Statement von linksjugend ['solid] basisgruppe münchen zu den Vorfällen auf der Anti-PEGIDA-Demo am 18. Juli 2016

Am Montag Abend, den 18. Juli 2016, marschierte nach über zwei Monaten erstmals wieder die faschistische PEGIDA auf und zog ihre Runde durch die Münchner Innenstadt. Mehrere Antifaschist*innen versuchten diese auf der Brienner Straße friedlich zu blockieren, wurden jedoch von Polizist*innen unter Anwendung von Gewalt daran gehindert; ohne vorherige Ansage wurde die Blockade gegen das geltende Versammlungsgesetz brutal geräumt.

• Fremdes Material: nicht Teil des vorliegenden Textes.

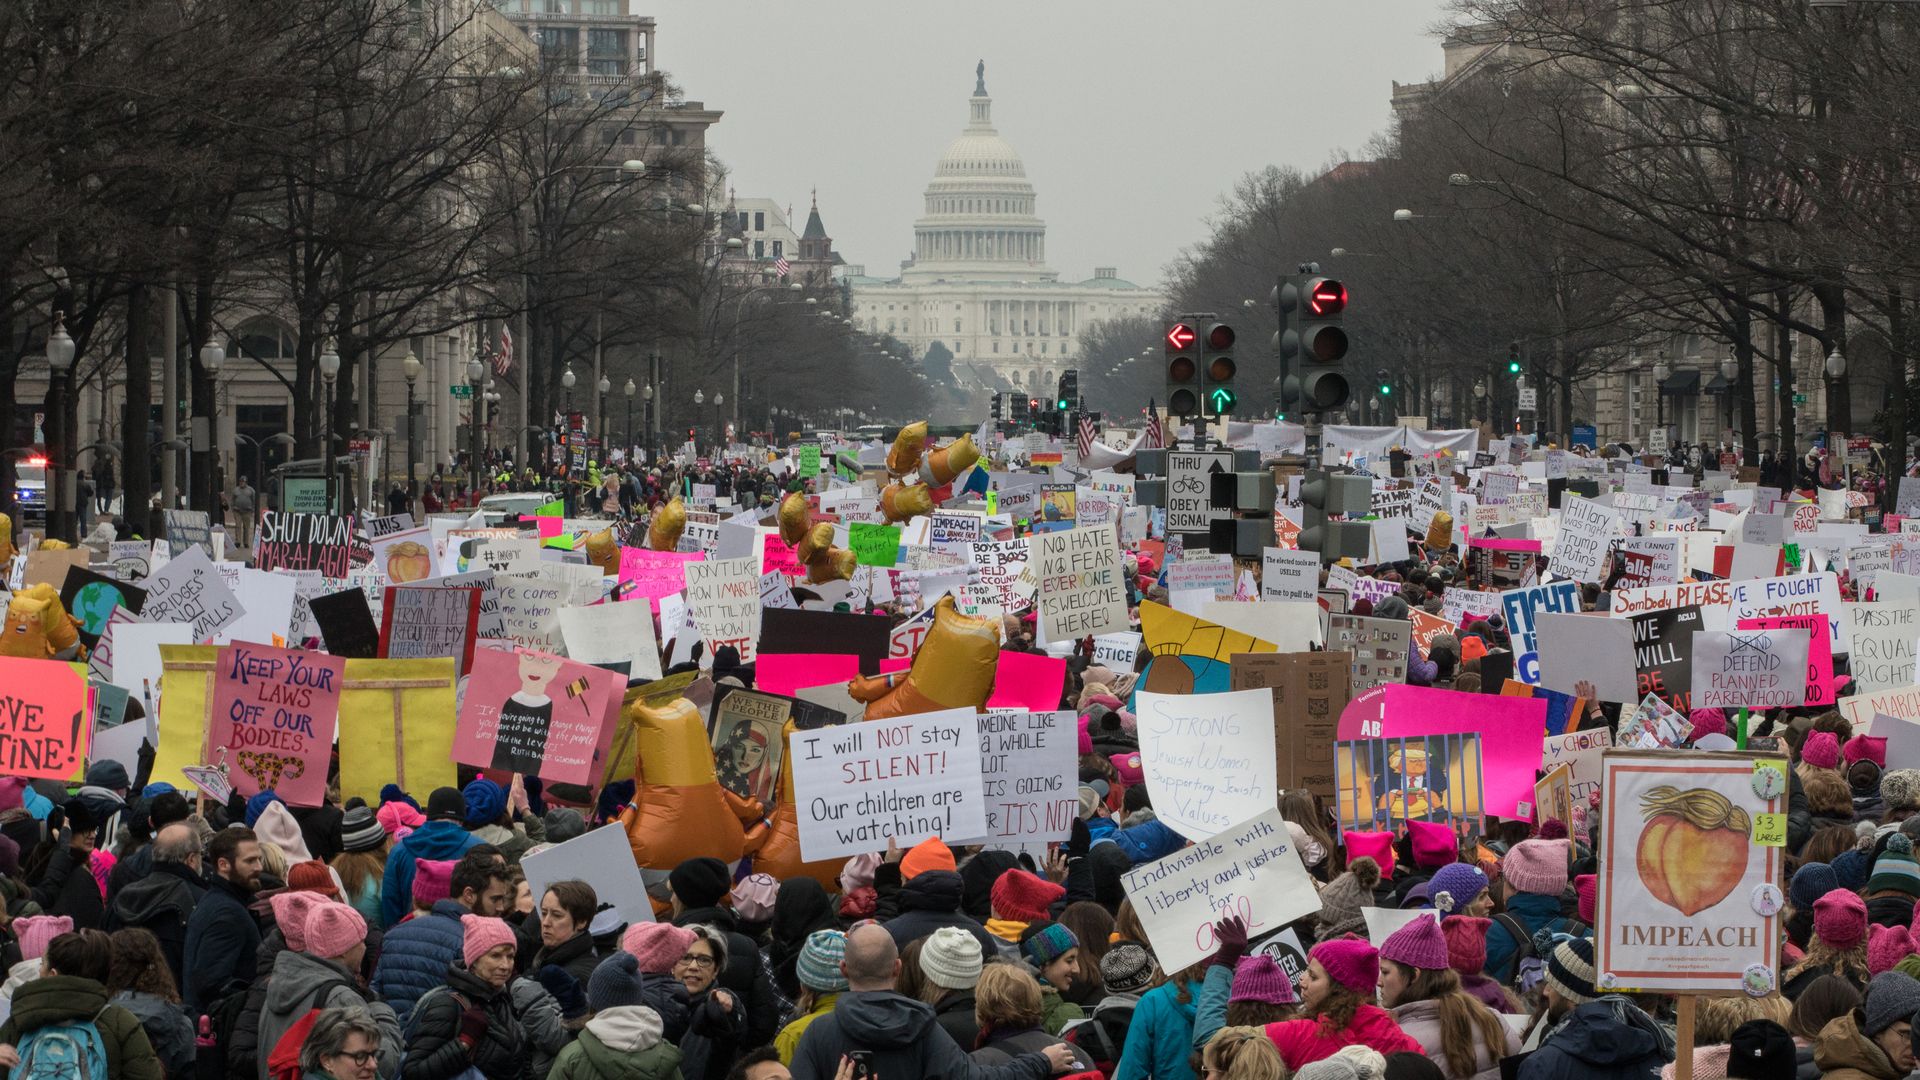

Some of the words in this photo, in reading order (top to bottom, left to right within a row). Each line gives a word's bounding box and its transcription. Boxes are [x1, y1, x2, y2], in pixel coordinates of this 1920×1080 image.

Dabei ist es auch zu schweren Körperverletzungen an einigen Antifaschist*innen gekommen¹. Linksjugend ['solid] basisgruppe münchen erklärt sich ausdrücklich mit allen Antifaschist*innen solidarisch und verurteilt das Vorgehen der Polizei aufs Allerschärfste. Ordnungswidrigkeit hin oder her: Eine friedliche Sitzblockade ist ein legitimes Mittel des Widerstandes gegen Faschist*innen und die Polizei hat sich mit Gewaltanwendung zurückzuhalten. Entsprechend fordert linksjugend ['solid] basisgruppe münchen von der Polizei auch, in Zukunft auf jede Gewalt gegenüber friedlichen Demonstranten zu verzichten.